Anyway, we had decided to hit 4000 steps consistantly then have bumped it up to 4500 steps. I remember it wasnt long ago when I walked a mile for the first time. I could NOT believe I did it! I felt like a rock star. Now I am going to be working on 2.5 then 3 miles then 5k.
In between, I am Kinect boxing or dancing or yes, even zumba so I have stepped up my fitness.
The other night when I got in bed, I was feeling my flabby tummy (looks like a deflated balloon these days) and felt a lump. It freaked me out! I was pushing on it and realized what it was. I have a sternum!!!
I literally laughed out loud so now I am road mapping my body and feeling the bones that I didnt know were there like my collar bones and my shoulder bones and ribs.If I lay on my side in just the right way, I even have hip bones under there, too! It is intoxicating!
I am STILL working towards my 60 pound loss and beleive me when I say, you will KNOW It when I get there. This has been the hardest 10 pounds I have lost so far. I feel like when I get there, I will have broken the road block and be able to keep going.
On another note,Pasta is a waste of calories. Last night I made some with bacon
(a few slices), bell peppers, onion, mushrooms and eggs (carbonara style) as a sauce. I was starving all night and I wont be making it again. I need Protein!
Speaking of which, I am having a hard time eating enough fiber and protein so I am trying really hard to get enough every day. (dinner of pasta was of no help last night).
Today's plan: Shower, walk Stitchy, go to the next town to find a recliner for me cause my couch is KILLING me, and dinner that I do not have to cook.
I hope you all have a fabulous weekend (3 days for some of you! Thanks MLK!) and that your day is full of bouncy, sunshiney, sparkly, giggles and fluffy small animals.
What can I say? I'm an optomist. (stop growling, Maia.) lol....

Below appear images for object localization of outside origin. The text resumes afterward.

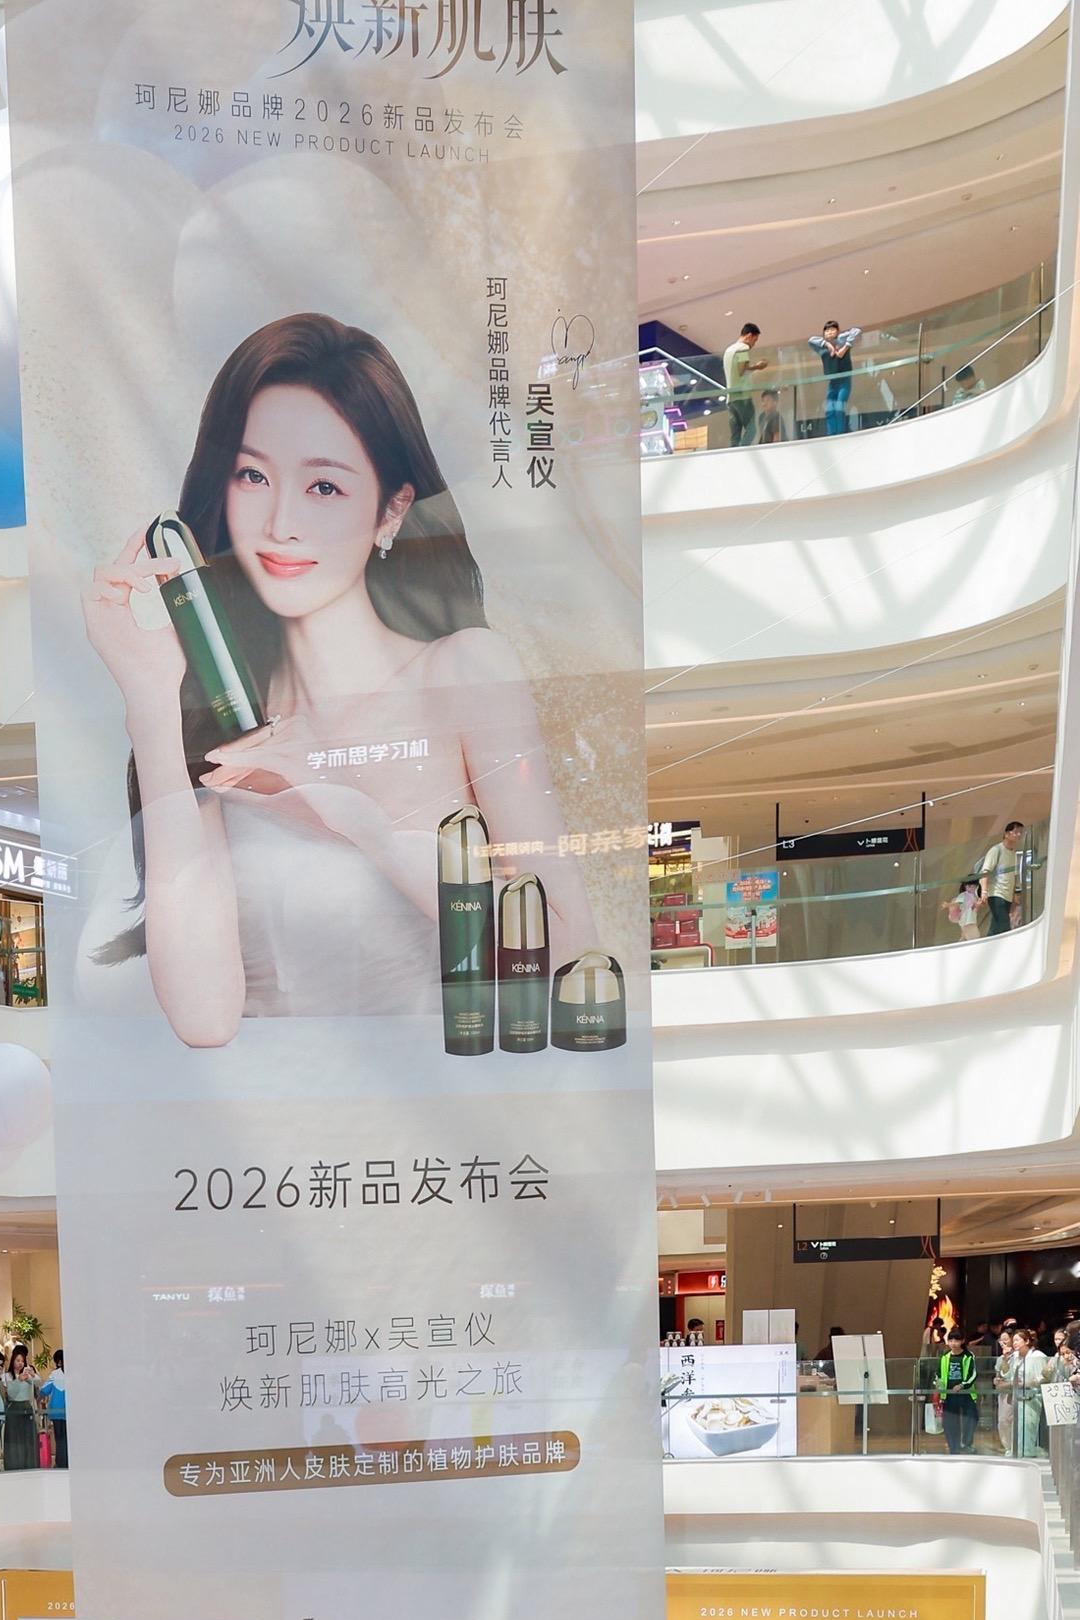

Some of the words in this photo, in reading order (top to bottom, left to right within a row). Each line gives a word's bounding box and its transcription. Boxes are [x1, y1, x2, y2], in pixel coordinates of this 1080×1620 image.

[266, 0, 568, 79] 焕新肌肤
[134, 82, 526, 141] 珂尼娜品牌2026新品发布会
[174, 125, 226, 143] 2026
[237, 129, 282, 149] NEW
[294, 132, 396, 155] PRODUCT
[407, 141, 491, 163] LAUNCH
[486, 276, 513, 490] 珂尼娜品牌代言人
[526, 384, 557, 490] 吴宣仪
[307, 738, 430, 769] 学而思学习机
[451, 900, 482, 912] KÉNINA
[512, 961, 540, 973] KÉNINA
[576, 1014, 604, 1024] KÉNINA
[174, 1153, 551, 1211] 2026新品发布会
[245, 1311, 496, 1358] 珂尼娜x吴宣仪
[219, 1361, 523, 1414] 焕新肌肤高光之旅
[179, 1440, 567, 1487] 专为亚洲人皮肤定制的植物护肤品牌
[701, 1608, 734, 1617] 2026
[741, 1608, 772, 1617] NEW
[779, 1608, 850, 1618] PRODUCT
[857, 1609, 919, 1619] LAUNCH

Thursday, January 13, 2011
Back in November, when life was good and we were feeling confidant, back before Thanksgiving, Christmas, New Years and vacations, back to a peaceful time, Maia and I made a little wager. Whoever could lose the most weight got to have lunch bought by the one who lost the smallest amount.

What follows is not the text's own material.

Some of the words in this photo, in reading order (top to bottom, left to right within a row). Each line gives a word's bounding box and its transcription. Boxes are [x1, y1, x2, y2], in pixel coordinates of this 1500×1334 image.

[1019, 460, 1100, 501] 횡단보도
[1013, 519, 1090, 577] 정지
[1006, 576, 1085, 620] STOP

on 11-5, I weighed in at 237.2. You will have to await Maia's response to see what her weight was but I believe it was really close.

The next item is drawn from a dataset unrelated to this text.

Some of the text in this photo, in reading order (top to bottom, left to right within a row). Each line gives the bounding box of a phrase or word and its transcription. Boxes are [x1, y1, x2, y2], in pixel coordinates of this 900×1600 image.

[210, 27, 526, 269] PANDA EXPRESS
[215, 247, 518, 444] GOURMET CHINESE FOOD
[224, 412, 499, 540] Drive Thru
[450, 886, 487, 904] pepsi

Now, over 2 months later, the day has come. The final weigh in.
So as of this morning, I weigh 233.8. That means in over 2 months, I have lost 3.6 pounds.
While yes, this progress, it is not even close to perfection. It is pretty lame actually but it's ok. I STILL get to go meet Maia! And I still am on my way to my goals so I will take it.
We should have put a clause in to count the pounds we both kept gaining and losing!
It has been fun having this challenge and I admit, at times, it kept me straight. I am not a terribly competitive person but Maia made it fun cause she would taunt me and that always made me laugh and kept me going.
So thank you, my friend. Post your final loss and we will do lunch after next week's medical extravaganza!!!
And, if you are buying, I will have the appetizer, Steak, Lobster, wine, desert. Oh. and a salad.
If I am buying, I will have water. lol.
Sunday, January 09, 2011
"If someone tells you that you can't do something, tell them "Yes, I can because I am doing it right now!"
Dinner with Schmucks
(Great movie. See it).
When they doubted I could lose any weight
When they didnt think I would stick to it
When the first 20 pounds came off, then 30,40,50....
When the 1st, 2nd, 3rd and 4th smaller size was worn
When I went below 290, 280,270,260,250,240 (and closing in on the 230's)
When I got my first Victoria Secret Bra
When I walked my first mile
When I crossed my legs again
When I climbed a mountain.
That is when I said, "Yes, I can. Because I am doing it right now!!"